So, is it really true that the pornofication of our society doesn’t contribute by any means to the objectification of women?
I think there is one hell of a difference between growing up in the belief that romantic love should be pursued and growing up in the belief that having hedonistic pleasure trough sex is all that matters in life.
I would like to see empirical studies showing this has no influence on the way young men see members of the opposite gender.
On another level, I find it disheartening to see self-proclaimed progressives passionately and uncritically defend a man such as Hefner while ignoring his dark sides.
Finally, I’d like to go into the comment of D. J., as it is so typical of the way outraged progressives stifle any reasonable conversation:
“It’s quite apparent you’re speaking from your own experience, having the privilege of being a white assumed (cis) male. In a progressive space trying to mansplain what is a feminist to justify toxic masculinity.”

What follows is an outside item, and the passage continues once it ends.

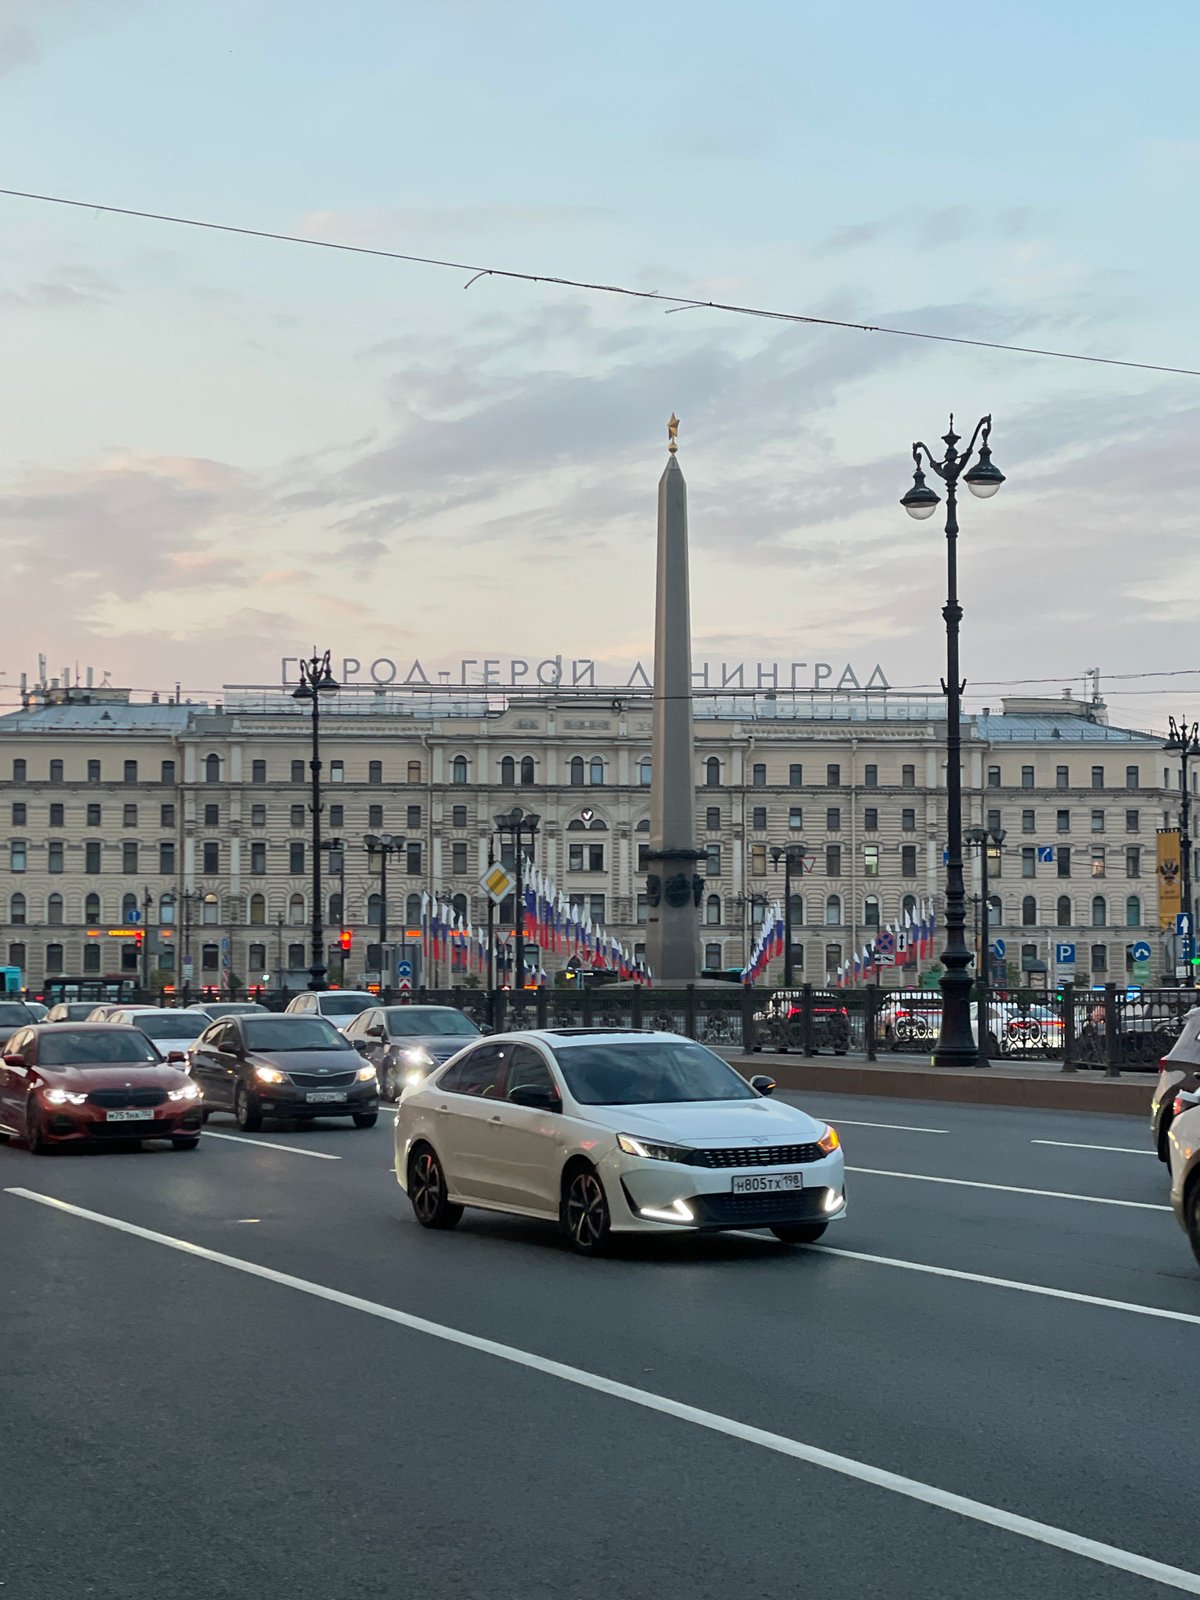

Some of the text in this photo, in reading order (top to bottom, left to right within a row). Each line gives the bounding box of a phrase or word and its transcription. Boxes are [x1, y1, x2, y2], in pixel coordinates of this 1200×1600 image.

[282, 658, 892, 689] ГРОД-ГЕРОЙ ЛНИНГРАД
[1060, 945, 1072, 962] P
[736, 1177, 781, 1192] Н805ТХ

So this man knows very little about me but he believes that my skin colour and gender are sufficient to attribute complex psychological motives to me (and to accuse me of justifying the mass slaughtering of innocent women!). That, folks, is the very essence of racism.
But more fundamentally, this totally misses the point. I can be a terribly flawed human being but that does not in any way, shape or form invalidate my ideas which stand on their own merit. While reacting to opinions they dislike, progressives constantly commit the genetic fallacy and the ad-hominem fallacy instead of challenging them with reasonable arguments.
I did not primarily write this blog post to argue for the truth of my position regarding the link between such hardcore misogyny and neo-liberal hedonism. I might be wrong about that and I wholly recognise it.
I rather want to illustrate how it is not possible to have a reasonable and mutually respectful conversation with “progressives” on a controversial topic based on facts and a careful reasoning.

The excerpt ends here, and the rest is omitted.